A very young Ruby, comforting my daughter when she was sick.


----------



## Ginams (Jan 20, 2015)

Congrats LeoTheGolden and good theme! I had a few photos that I really love, but will enter the one I've got of Storm and one of our cats, Fidget. Fidget had a close bond with our GSD and after we lost her, he started warming up to Storm. Storm wasn't quite sure how to handle it.


----------



## fourlakes (Feb 16, 2013)

The perfect theme for Valentine's day Here is puppy Tally cuddling with her mom Sofie.


----------



## Kalhayd (May 4, 2016)

Our sweet Bayleigh with our son when he was a year old. She was the perfect "mom" to both of our babies and quickly earned that nickname. Love how he's holding her little paw. Man, I miss that girl!


----------



## Kalhayd (May 4, 2016)

I absolutely love all these photos!!


----------



## LynnC (Nov 14, 2015)

Luna and her daddy :--heart:


----------



## Ivyacres (Jun 3, 2011)

Loving all these pic, please share one!


----------



## Kalhayd (May 4, 2016)

Not an official entry... but I'd like to think she's snuggling with her human BFF, but I actually think she's begging for popcorn! LOL!


----------



## aesthetic (Apr 23, 2015)

I only have dark, low quality pics because Kaizer only cuddles when the sun goes down and no one can see him


----------



## jinni1980 (Jul 22, 2016)

Jon snuggle with his hump + sleeping Buddy, Katie. It is only toy survived since he was a very tiny puppy.


----------



## BrianO (Apr 7, 2016)

Growing up too quickly!


----------



## Panama Rob (Nov 26, 2015)

Dakota enroute to a competition.


----------



## kwhit (Apr 7, 2008)

Chance and Lucy.
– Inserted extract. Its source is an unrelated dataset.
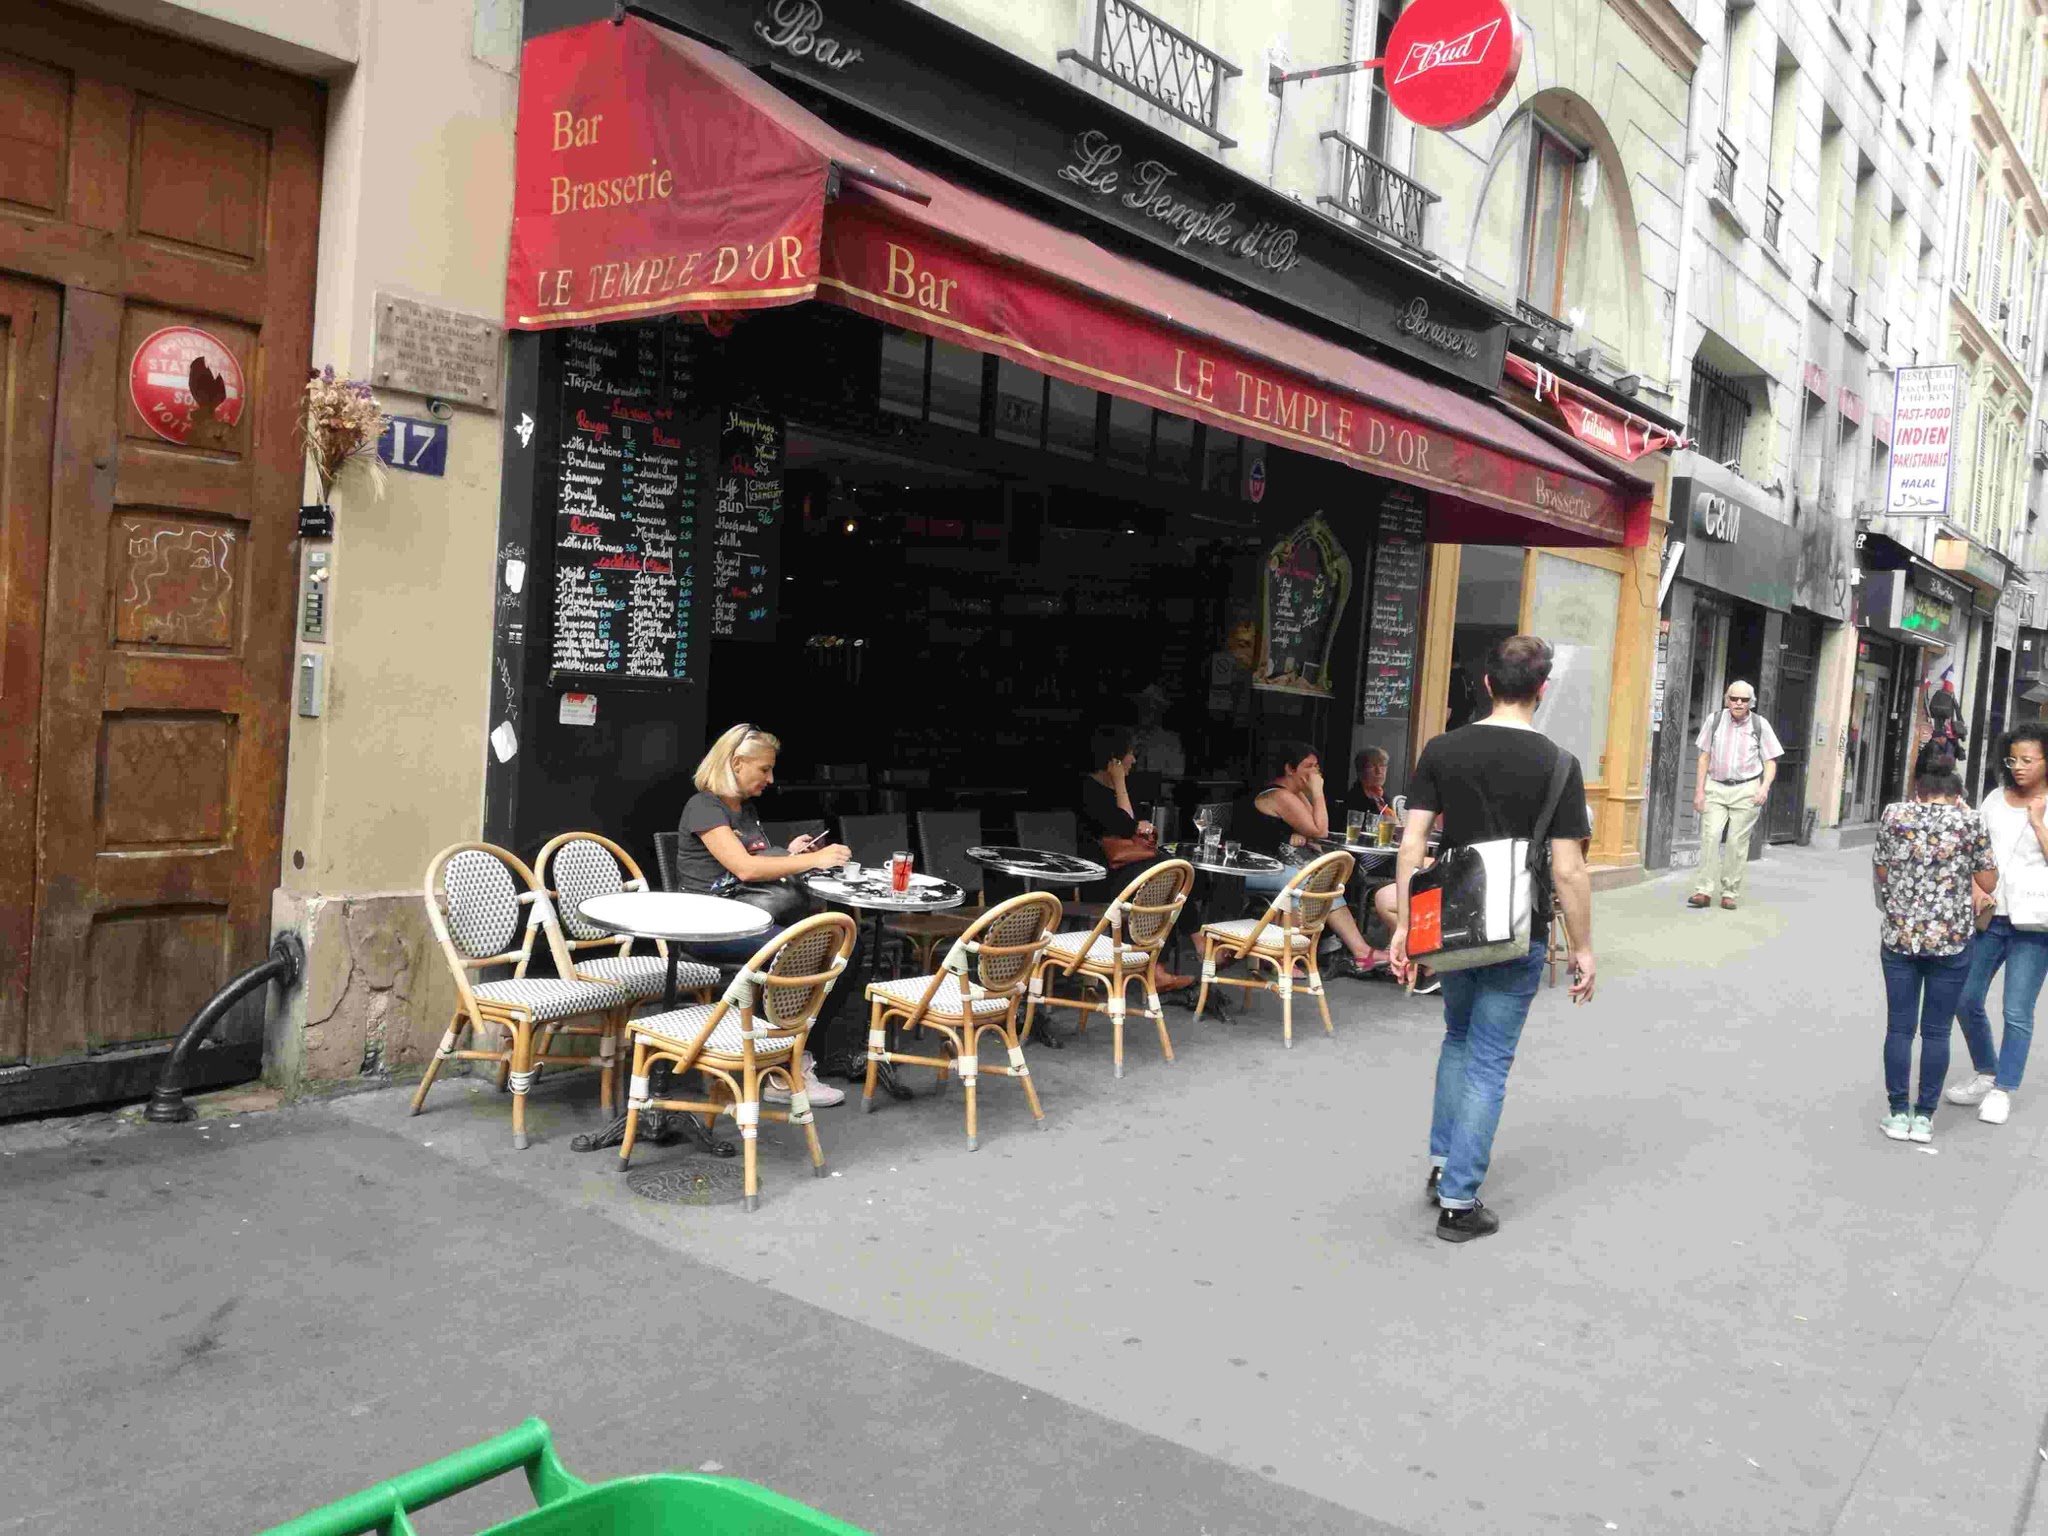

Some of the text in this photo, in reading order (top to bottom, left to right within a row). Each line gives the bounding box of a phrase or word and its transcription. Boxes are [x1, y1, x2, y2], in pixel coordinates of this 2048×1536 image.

They've been inseparable since the day they met 9 years ago...


----------



## Ivyacres (Jun 3, 2011)

I'm really enjoying all the entries!


----------



## Vampeh (Feb 3, 2017)

My boy Huckabee, almost 1 year old 










He's a goof.


----------



## Ivyacres (Jun 3, 2011)

Love is in the (h)air-golden cuddly, snuggly pics sure do make me smile. 
Do you have one to share?


----------



## G-bear (Oct 6, 2015)

These photos are wonderful. Thank you everyone!


----------



## Diegocaladoo (Dec 22, 2016)

Lilo and Stitch <3
(I'm entering with the 1st picture)


----------



## Helo's Mom (Oct 16, 2011)

I have about 5 I want to enter but I picked this one. :laugh:

Helo and Marilyn about 5 years ago.


----------



## Ivyacres (Jun 3, 2011)

Every picture is adorable! I love them all.


----------



## Ivyacres (Jun 3, 2011)

Did you get any 'cuddly' pics of your golden fur baby during the Super Bowl? We'd love to see them.


----------



## swishywagga (Nov 13, 2012)

Loving all the photos, let's keep them coming!.


----------



## Atis (Jul 8, 2014)

JP and David (golden) best friends.


----------



## lexie_bushey (Jun 22, 2013)

Here is Bob with his little sister Casey after running around the yard together


----------



## smp (Apr 27, 2016)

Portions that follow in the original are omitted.